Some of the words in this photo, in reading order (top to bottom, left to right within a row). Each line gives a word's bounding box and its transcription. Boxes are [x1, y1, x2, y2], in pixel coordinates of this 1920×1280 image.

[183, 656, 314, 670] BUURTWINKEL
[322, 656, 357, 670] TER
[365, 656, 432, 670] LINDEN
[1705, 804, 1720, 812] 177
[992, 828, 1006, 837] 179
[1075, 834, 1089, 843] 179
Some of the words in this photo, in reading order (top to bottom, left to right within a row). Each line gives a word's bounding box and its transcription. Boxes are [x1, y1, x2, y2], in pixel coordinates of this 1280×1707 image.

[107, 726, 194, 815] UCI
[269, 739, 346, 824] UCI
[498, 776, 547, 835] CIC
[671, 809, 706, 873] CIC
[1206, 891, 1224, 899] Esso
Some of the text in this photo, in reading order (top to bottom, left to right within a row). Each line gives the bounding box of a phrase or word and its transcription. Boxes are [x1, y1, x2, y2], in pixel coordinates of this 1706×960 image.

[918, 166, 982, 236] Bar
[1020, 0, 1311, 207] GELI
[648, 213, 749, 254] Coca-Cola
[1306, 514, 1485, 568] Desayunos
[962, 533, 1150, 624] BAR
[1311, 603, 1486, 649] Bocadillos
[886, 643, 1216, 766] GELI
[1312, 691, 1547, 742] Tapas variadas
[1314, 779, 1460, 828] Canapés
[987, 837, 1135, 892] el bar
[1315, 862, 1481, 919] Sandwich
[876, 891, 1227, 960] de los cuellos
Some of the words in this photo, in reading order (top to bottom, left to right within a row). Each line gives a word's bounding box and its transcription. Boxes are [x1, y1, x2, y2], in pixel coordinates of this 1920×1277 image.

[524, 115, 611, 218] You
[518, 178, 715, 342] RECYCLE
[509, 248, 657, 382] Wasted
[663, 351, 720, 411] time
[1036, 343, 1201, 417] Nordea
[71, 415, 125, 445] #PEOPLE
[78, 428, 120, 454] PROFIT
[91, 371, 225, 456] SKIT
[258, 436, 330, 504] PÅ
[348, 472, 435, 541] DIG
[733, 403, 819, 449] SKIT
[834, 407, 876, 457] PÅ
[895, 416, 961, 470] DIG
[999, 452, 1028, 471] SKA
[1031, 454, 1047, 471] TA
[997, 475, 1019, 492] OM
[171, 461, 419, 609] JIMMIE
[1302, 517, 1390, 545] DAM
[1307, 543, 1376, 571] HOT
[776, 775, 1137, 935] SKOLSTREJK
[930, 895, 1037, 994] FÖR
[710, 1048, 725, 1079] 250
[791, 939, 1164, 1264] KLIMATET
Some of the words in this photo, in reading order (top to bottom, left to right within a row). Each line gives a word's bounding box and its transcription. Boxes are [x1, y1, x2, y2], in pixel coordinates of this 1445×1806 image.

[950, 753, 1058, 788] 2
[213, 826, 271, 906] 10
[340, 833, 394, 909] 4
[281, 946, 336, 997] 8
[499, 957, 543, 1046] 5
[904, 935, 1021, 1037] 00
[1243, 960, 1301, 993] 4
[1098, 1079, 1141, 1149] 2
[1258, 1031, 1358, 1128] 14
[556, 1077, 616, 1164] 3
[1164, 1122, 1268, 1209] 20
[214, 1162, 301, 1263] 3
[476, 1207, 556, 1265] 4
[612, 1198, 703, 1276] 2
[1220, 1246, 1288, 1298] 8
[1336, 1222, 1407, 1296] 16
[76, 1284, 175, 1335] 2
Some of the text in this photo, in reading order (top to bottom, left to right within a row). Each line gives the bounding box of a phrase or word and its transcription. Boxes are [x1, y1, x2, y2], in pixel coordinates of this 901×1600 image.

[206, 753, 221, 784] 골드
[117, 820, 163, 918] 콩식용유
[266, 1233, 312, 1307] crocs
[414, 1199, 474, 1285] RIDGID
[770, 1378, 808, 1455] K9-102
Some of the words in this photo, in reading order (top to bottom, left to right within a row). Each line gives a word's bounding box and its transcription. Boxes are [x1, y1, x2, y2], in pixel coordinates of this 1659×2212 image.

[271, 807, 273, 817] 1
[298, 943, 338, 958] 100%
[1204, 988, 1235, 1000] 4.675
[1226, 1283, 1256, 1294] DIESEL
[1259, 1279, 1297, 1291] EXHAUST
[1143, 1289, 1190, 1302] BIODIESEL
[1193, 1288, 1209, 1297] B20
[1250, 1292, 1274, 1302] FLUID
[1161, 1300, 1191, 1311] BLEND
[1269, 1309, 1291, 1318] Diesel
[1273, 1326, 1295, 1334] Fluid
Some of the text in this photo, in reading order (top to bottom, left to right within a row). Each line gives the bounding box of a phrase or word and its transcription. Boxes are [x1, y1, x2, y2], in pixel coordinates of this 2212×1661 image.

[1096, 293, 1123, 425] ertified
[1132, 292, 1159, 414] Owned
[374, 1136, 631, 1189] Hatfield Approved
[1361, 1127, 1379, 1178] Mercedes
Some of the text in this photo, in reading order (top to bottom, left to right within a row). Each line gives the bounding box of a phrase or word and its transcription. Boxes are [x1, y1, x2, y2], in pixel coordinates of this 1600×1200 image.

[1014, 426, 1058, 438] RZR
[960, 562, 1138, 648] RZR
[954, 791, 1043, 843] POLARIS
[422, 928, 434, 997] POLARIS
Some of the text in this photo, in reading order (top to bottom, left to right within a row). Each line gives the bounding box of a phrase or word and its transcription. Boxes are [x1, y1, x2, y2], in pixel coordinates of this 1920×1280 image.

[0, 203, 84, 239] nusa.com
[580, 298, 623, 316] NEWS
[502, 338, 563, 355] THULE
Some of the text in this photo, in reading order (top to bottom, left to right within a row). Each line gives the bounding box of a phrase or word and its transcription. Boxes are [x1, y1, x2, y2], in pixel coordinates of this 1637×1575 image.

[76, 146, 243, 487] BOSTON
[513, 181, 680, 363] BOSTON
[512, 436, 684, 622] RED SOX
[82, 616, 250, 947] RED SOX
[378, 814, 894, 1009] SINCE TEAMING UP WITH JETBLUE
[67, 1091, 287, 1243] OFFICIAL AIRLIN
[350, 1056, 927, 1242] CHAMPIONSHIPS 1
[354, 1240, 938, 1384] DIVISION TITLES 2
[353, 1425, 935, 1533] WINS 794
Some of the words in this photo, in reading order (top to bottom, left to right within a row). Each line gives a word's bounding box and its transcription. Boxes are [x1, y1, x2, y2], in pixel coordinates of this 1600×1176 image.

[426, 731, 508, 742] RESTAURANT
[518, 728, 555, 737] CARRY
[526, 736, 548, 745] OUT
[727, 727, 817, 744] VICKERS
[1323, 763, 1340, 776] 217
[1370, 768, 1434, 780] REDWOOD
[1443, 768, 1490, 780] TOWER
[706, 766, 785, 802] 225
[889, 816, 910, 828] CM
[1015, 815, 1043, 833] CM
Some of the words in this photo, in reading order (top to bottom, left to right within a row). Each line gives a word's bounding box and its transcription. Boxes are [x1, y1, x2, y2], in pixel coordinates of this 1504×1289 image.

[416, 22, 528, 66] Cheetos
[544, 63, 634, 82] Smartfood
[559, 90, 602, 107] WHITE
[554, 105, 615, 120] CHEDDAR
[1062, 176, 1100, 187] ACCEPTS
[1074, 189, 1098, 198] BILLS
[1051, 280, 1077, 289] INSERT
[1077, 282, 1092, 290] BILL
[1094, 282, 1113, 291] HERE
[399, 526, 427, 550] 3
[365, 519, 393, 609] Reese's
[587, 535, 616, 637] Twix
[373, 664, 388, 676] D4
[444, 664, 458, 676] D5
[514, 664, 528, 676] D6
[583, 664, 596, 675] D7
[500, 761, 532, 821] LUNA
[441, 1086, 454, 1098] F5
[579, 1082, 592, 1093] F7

· · · · ·

All entries are to be output exactly as they stand.

• [Solution below]
Some of the words in this photo, in reading order (top to bottom, left to right within a row). Each line gives a word's bounding box and its transcription. Boxes are [x1, y1, x2, y2], in pixel coordinates of this 1920×1280 image.

[183, 656, 314, 670] BUURTWINKEL
[322, 656, 357, 670] TER
[365, 656, 432, 670] LINDEN
[1705, 804, 1720, 812] 177
[992, 828, 1006, 837] 179
[1075, 834, 1089, 843] 179
Some of the words in this photo, in reading order (top to bottom, left to right within a row). Each line gives a word's bounding box and its transcription. Boxes are [x1, y1, x2, y2], in pixel coordinates of this 1280×1707 image.

[107, 726, 194, 815] UCI
[269, 739, 346, 824] UCI
[498, 776, 547, 835] CIC
[671, 809, 706, 873] CIC
[1206, 891, 1224, 899] Esso
Some of the text in this photo, in reading order (top to bottom, left to right within a row). Each line gives the bounding box of a phrase or word and its transcription. Boxes are [x1, y1, x2, y2], in pixel coordinates of this 1706×960 image.

[918, 166, 982, 236] Bar
[1020, 0, 1311, 207] GELI
[648, 213, 749, 254] Coca-Cola
[1306, 514, 1485, 568] Desayunos
[962, 533, 1150, 624] BAR
[1311, 603, 1486, 649] Bocadillos
[886, 643, 1216, 766] GELI
[1312, 691, 1547, 742] Tapas variadas
[1314, 779, 1460, 828] Canapés
[987, 837, 1135, 892] el bar
[1315, 862, 1481, 919] Sandwich
[876, 891, 1227, 960] de los cuellos
Some of the words in this photo, in reading order (top to bottom, left to right within a row). Each line gives a word's bounding box and its transcription. Boxes are [x1, y1, x2, y2], in pixel coordinates of this 1920×1277 image.

[524, 115, 611, 218] You
[518, 178, 715, 342] RECYCLE
[509, 248, 657, 382] Wasted
[663, 351, 720, 411] time
[1036, 343, 1201, 417] Nordea
[71, 415, 125, 445] #PEOPLE
[78, 428, 120, 454] PROFIT
[91, 371, 225, 456] SKIT
[258, 436, 330, 504] PÅ
[348, 472, 435, 541] DIG
[733, 403, 819, 449] SKIT
[834, 407, 876, 457] PÅ
[895, 416, 961, 470] DIG
[999, 452, 1028, 471] SKA
[1031, 454, 1047, 471] TA
[997, 475, 1019, 492] OM
[171, 461, 419, 609] JIMMIE
[1302, 517, 1390, 545] DAM
[1307, 543, 1376, 571] HOT
[776, 775, 1137, 935] SKOLSTREJK
[930, 895, 1037, 994] FÖR
[710, 1048, 725, 1079] 250
[791, 939, 1164, 1264] KLIMATET
Some of the words in this photo, in reading order (top to bottom, left to right within a row). Each line gives a word's bounding box and its transcription. Boxes are [x1, y1, x2, y2], in pixel coordinates of this 1445×1806 image.

[950, 753, 1058, 788] 2
[213, 826, 271, 906] 10
[340, 833, 394, 909] 4
[281, 946, 336, 997] 8
[499, 957, 543, 1046] 5
[904, 935, 1021, 1037] 00
[1243, 960, 1301, 993] 4
[1098, 1079, 1141, 1149] 2
[1258, 1031, 1358, 1128] 14
[556, 1077, 616, 1164] 3
[1164, 1122, 1268, 1209] 20
[214, 1162, 301, 1263] 3
[476, 1207, 556, 1265] 4
[612, 1198, 703, 1276] 2
[1220, 1246, 1288, 1298] 8
[1336, 1222, 1407, 1296] 16
[76, 1284, 175, 1335] 2
Some of the text in this photo, in reading order (top to bottom, left to right within a row). Each line gives the bounding box of a phrase or word and its transcription. Boxes are [x1, y1, x2, y2], in pixel coordinates of this 901×1600 image.

[206, 753, 221, 784] 골드
[117, 820, 163, 918] 콩식용유
[266, 1233, 312, 1307] crocs
[414, 1199, 474, 1285] RIDGID
[770, 1378, 808, 1455] K9-102
Some of the words in this photo, in reading order (top to bottom, left to right within a row). Each line gives a word's bounding box and its transcription. Boxes are [x1, y1, x2, y2], in pixel coordinates of this 1659×2212 image.

[271, 807, 273, 817] 1
[298, 943, 338, 958] 100%
[1204, 988, 1235, 1000] 4.675
[1226, 1283, 1256, 1294] DIESEL
[1259, 1279, 1297, 1291] EXHAUST
[1143, 1289, 1190, 1302] BIODIESEL
[1193, 1288, 1209, 1297] B20
[1250, 1292, 1274, 1302] FLUID
[1161, 1300, 1191, 1311] BLEND
[1269, 1309, 1291, 1318] Diesel
[1273, 1326, 1295, 1334] Fluid
Some of the text in this photo, in reading order (top to bottom, left to right within a row). Each line gives the bounding box of a phrase or word and its transcription. Boxes are [x1, y1, x2, y2], in pixel coordinates of this 2212×1661 image.

[1096, 293, 1123, 425] ertified
[1132, 292, 1159, 414] Owned
[374, 1136, 631, 1189] Hatfield Approved
[1361, 1127, 1379, 1178] Mercedes
Some of the text in this photo, in reading order (top to bottom, left to right within a row). Each line gives the bounding box of a phrase or word and its transcription. Boxes are [x1, y1, x2, y2], in pixel coordinates of this 1600×1200 image.

[1014, 426, 1058, 438] RZR
[960, 562, 1138, 648] RZR
[954, 791, 1043, 843] POLARIS
[422, 928, 434, 997] POLARIS
Some of the text in this photo, in reading order (top to bottom, left to right within a row). Each line gives the bounding box of a phrase or word and its transcription. Boxes are [x1, y1, x2, y2], in pixel coordinates of this 1920×1280 image.

[0, 203, 84, 239] nusa.com
[580, 298, 623, 316] NEWS
[502, 338, 563, 355] THULE
Some of the text in this photo, in reading order (top to bottom, left to right within a row). Each line gives the bounding box of a phrase or word and its transcription. Boxes are [x1, y1, x2, y2], in pixel coordinates of this 1637×1575 image.

[76, 146, 243, 487] BOSTON
[513, 181, 680, 363] BOSTON
[512, 436, 684, 622] RED SOX
[82, 616, 250, 947] RED SOX
[378, 814, 894, 1009] SINCE TEAMING UP WITH JETBLUE
[67, 1091, 287, 1243] OFFICIAL AIRLIN
[350, 1056, 927, 1242] CHAMPIONSHIPS 1
[354, 1240, 938, 1384] DIVISION TITLES 2
[353, 1425, 935, 1533] WINS 794
Some of the words in this photo, in reading order (top to bottom, left to right within a row). Each line gives a word's bounding box and its transcription. Boxes are [x1, y1, x2, y2], in pixel coordinates of this 1600×1176 image.

[426, 731, 508, 742] RESTAURANT
[518, 728, 555, 737] CARRY
[526, 736, 548, 745] OUT
[727, 727, 817, 744] VICKERS
[1323, 763, 1340, 776] 217
[1370, 768, 1434, 780] REDWOOD
[1443, 768, 1490, 780] TOWER
[706, 766, 785, 802] 225
[889, 816, 910, 828] CM
[1015, 815, 1043, 833] CM
Some of the words in this photo, in reading order (top to bottom, left to right within a row). Each line gives a word's bounding box and its transcription. Boxes are [x1, y1, x2, y2], in pixel coordinates of this 1504×1289 image.

[416, 22, 528, 66] Cheetos
[544, 63, 634, 82] Smartfood
[559, 90, 602, 107] WHITE
[554, 105, 615, 120] CHEDDAR
[1062, 176, 1100, 187] ACCEPTS
[1074, 189, 1098, 198] BILLS
[1051, 280, 1077, 289] INSERT
[1077, 282, 1092, 290] BILL
[1094, 282, 1113, 291] HERE
[399, 526, 427, 550] 3
[365, 519, 393, 609] Reese's
[587, 535, 616, 637] Twix
[373, 664, 388, 676] D4
[444, 664, 458, 676] D5
[514, 664, 528, 676] D6
[583, 664, 596, 675] D7
[500, 761, 532, 821] LUNA
[441, 1086, 454, 1098] F5
[579, 1082, 592, 1093] F7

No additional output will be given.